▶ [Instructions to follow] Your task is to return the span of lines beginning at the one with "this 1600×1200 image." and ending at the last line of the data, exactly as it stands.

___ Data ___

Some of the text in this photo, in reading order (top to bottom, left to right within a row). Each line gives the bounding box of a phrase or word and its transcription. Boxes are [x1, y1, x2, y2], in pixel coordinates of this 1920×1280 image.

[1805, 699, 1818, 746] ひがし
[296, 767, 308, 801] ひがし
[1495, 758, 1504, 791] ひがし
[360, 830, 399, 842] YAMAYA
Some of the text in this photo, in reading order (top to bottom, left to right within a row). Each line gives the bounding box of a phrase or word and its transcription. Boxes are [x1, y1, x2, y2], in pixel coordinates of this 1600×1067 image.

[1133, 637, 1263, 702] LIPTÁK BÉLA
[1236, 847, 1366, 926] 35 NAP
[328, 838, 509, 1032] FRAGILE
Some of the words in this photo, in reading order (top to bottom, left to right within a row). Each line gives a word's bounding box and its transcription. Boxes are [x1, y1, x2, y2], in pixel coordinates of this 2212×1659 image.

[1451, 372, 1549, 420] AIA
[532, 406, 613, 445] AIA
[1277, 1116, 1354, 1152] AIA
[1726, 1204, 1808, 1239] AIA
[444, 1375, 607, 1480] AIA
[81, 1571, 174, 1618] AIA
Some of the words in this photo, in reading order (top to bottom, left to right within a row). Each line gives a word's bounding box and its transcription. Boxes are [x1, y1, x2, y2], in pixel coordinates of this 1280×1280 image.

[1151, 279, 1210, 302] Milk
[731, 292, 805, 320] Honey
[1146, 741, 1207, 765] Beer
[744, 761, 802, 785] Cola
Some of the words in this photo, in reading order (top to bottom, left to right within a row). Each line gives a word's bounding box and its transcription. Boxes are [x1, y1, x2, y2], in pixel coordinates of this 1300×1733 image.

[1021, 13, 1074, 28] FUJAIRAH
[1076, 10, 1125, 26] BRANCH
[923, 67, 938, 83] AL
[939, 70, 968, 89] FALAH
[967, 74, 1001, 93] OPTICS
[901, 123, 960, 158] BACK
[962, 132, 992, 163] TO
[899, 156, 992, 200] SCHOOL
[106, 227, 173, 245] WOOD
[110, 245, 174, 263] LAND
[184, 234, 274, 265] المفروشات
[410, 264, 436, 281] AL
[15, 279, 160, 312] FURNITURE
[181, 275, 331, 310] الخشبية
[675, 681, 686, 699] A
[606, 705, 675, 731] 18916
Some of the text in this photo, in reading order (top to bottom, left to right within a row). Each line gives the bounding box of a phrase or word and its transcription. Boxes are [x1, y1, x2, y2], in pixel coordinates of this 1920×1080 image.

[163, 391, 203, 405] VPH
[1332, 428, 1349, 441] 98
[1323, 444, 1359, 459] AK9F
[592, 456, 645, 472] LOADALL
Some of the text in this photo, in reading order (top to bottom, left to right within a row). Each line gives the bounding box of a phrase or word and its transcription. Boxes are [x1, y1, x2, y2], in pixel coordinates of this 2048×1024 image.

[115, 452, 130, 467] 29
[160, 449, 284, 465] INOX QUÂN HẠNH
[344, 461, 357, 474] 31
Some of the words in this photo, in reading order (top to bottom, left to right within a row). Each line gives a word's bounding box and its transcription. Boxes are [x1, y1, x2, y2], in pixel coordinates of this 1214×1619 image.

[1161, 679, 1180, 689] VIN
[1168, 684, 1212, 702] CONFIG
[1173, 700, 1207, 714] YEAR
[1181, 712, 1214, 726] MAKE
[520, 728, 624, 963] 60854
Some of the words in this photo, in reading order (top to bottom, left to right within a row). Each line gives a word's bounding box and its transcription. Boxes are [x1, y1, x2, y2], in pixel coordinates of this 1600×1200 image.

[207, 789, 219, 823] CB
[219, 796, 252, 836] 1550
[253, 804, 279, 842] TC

___

▶ [Result of the exercise]
Some of the words in this photo, in reading order (top to bottom, left to right within a row). Each line gives a word's bounding box and its transcription. Boxes are [x1, y1, x2, y2], in pixel coordinates of this 1600×1200 image.

[207, 789, 219, 823] CB
[219, 796, 252, 836] 1550
[253, 804, 279, 842] TC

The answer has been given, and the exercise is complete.